You will be asked to explain what the function should do:

Explain what the function should do:

Provide a detailed explanation and the tool will do the rest.

Let's say I enter:

parse json string and return struct User (age, name)

The tool will generate the corresponding Rust function, handle all dependencies (e.g. add `serde` and `serde_json`), generate tests and run them.

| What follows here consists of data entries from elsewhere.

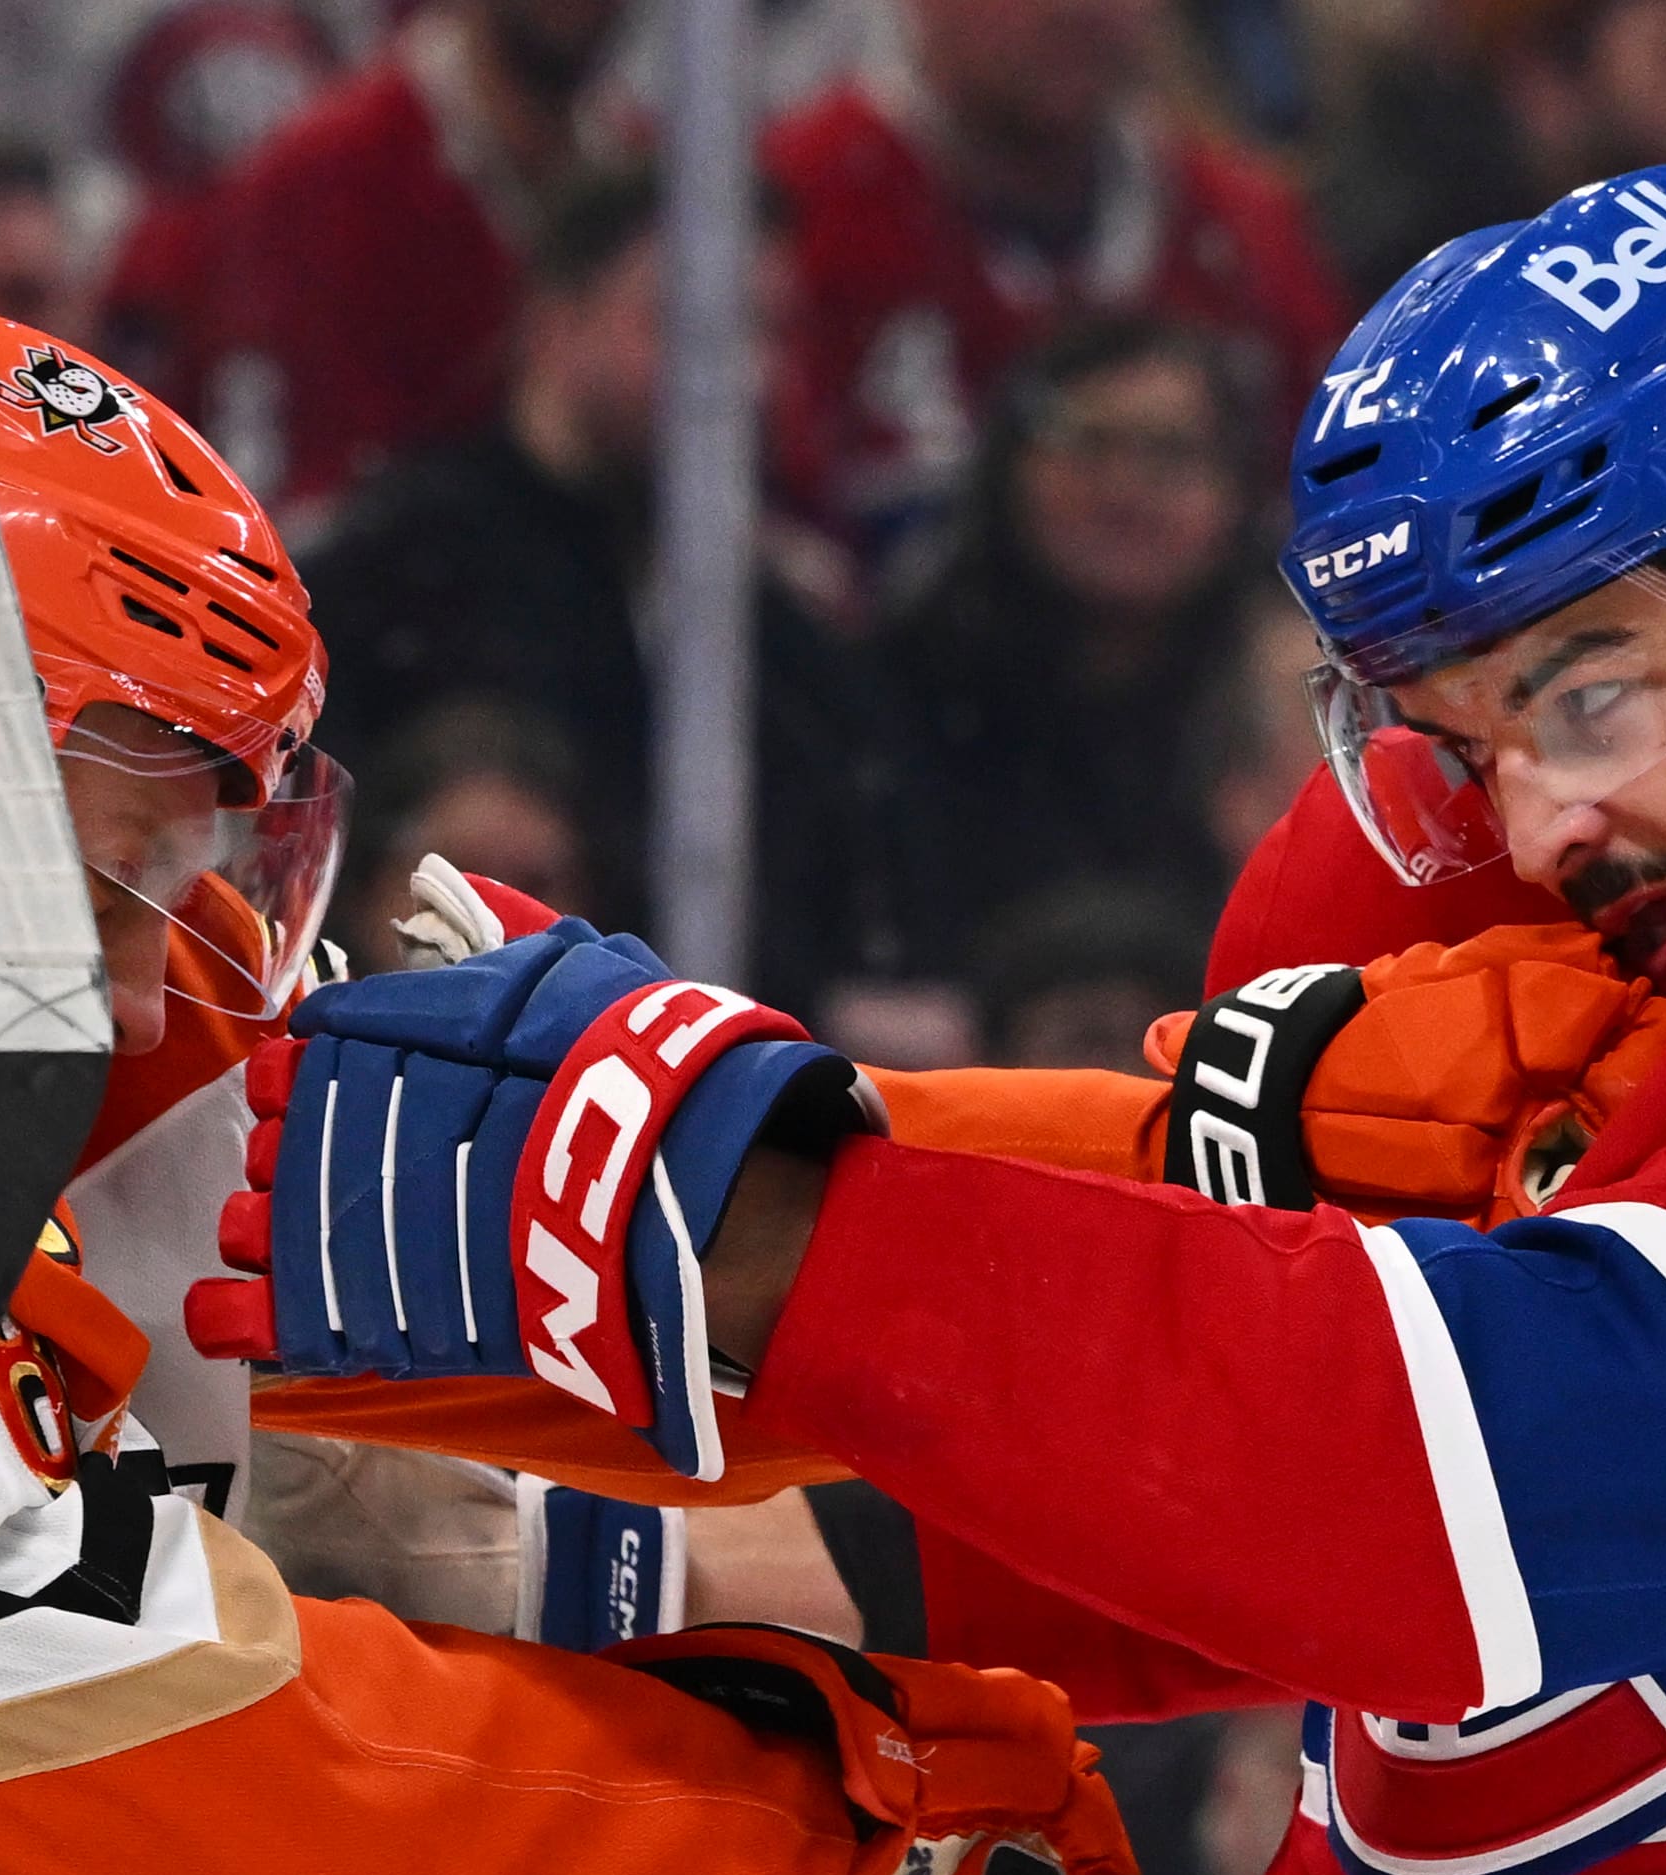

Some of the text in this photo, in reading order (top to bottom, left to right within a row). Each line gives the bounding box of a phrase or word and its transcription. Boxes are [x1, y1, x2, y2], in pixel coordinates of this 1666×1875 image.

[1313, 356, 1396, 443] 72
[1303, 520, 1412, 589] CCM
[524, 980, 758, 1418] CCM
[619, 1528, 640, 1640] CCM
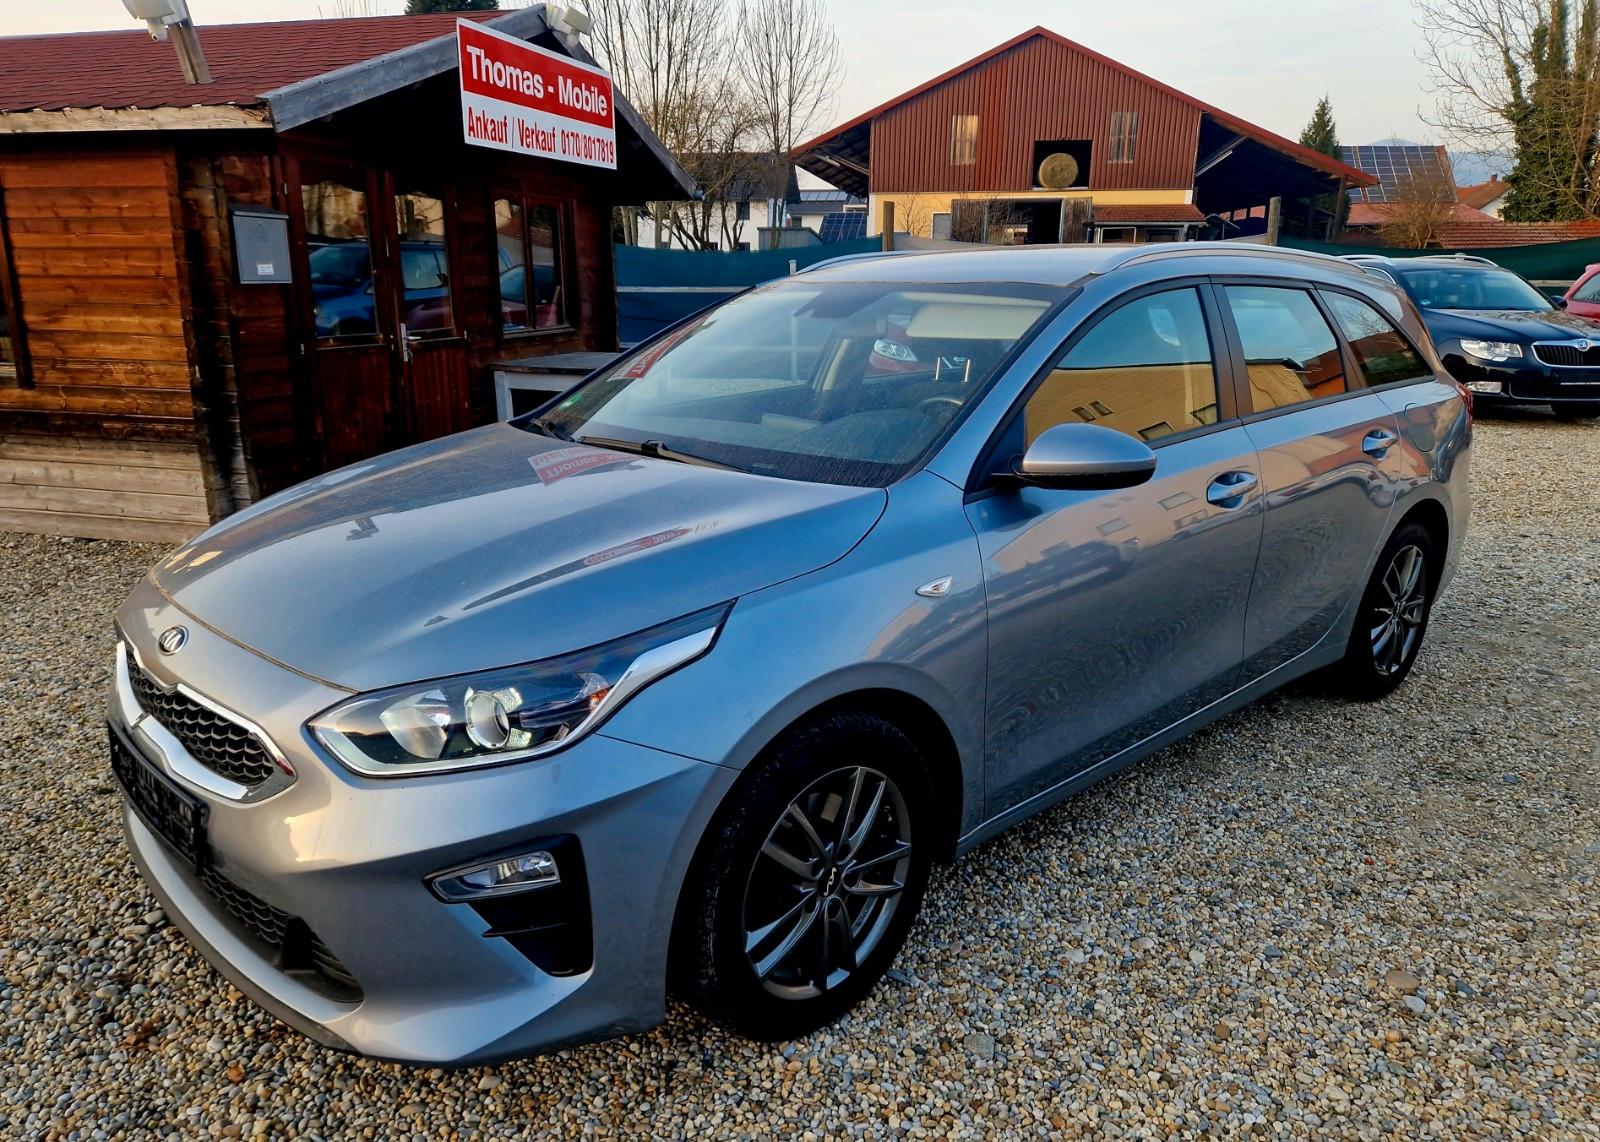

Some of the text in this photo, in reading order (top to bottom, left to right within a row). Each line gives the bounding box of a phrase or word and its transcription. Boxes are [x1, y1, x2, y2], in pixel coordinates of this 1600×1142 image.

[466, 45, 544, 99] Thomas
[558, 75, 608, 117] Mobile
[468, 107, 508, 144] Ankauf
[518, 118, 556, 153] Verkauf

The final output will be displayed and the result will be saved in the `sandbox` folder.

Generated result:

[dependencies]
serde = { version = "1.0", features = ["derive"] }
serde_json = "1.0"

use serde::{Deserialize, Serialize};

#[derive(Deserialize, Serialize, Debug)]
struct User {
    name: String,
    age: u32,
}

fn solution(json_string: &str) -> Result<User, serde_json::Error> {
    let user: User = serde_json::from_str(json_string)?;
    Ok(user)
}

#[cfg(test)]
mod tests {
    use super::*;

    #[test]
    fn test_solution() {
        let json_string = r#"{"name": "John Doe", "age": 30}"#;
        let user = solution(json_string).unwrap();
        assert_eq!(user.name, "John Doe");
        assert_eq!(user.age, 30);
    }

    #[test]
    fn test_solution_invalid_json() {
        let json_string = r#"{"name": "John Doe", "age": }"#;
        assert!(solution(json_string).is_err());
    }
}

The source code is available at [GitHub]. Contributing is welcome!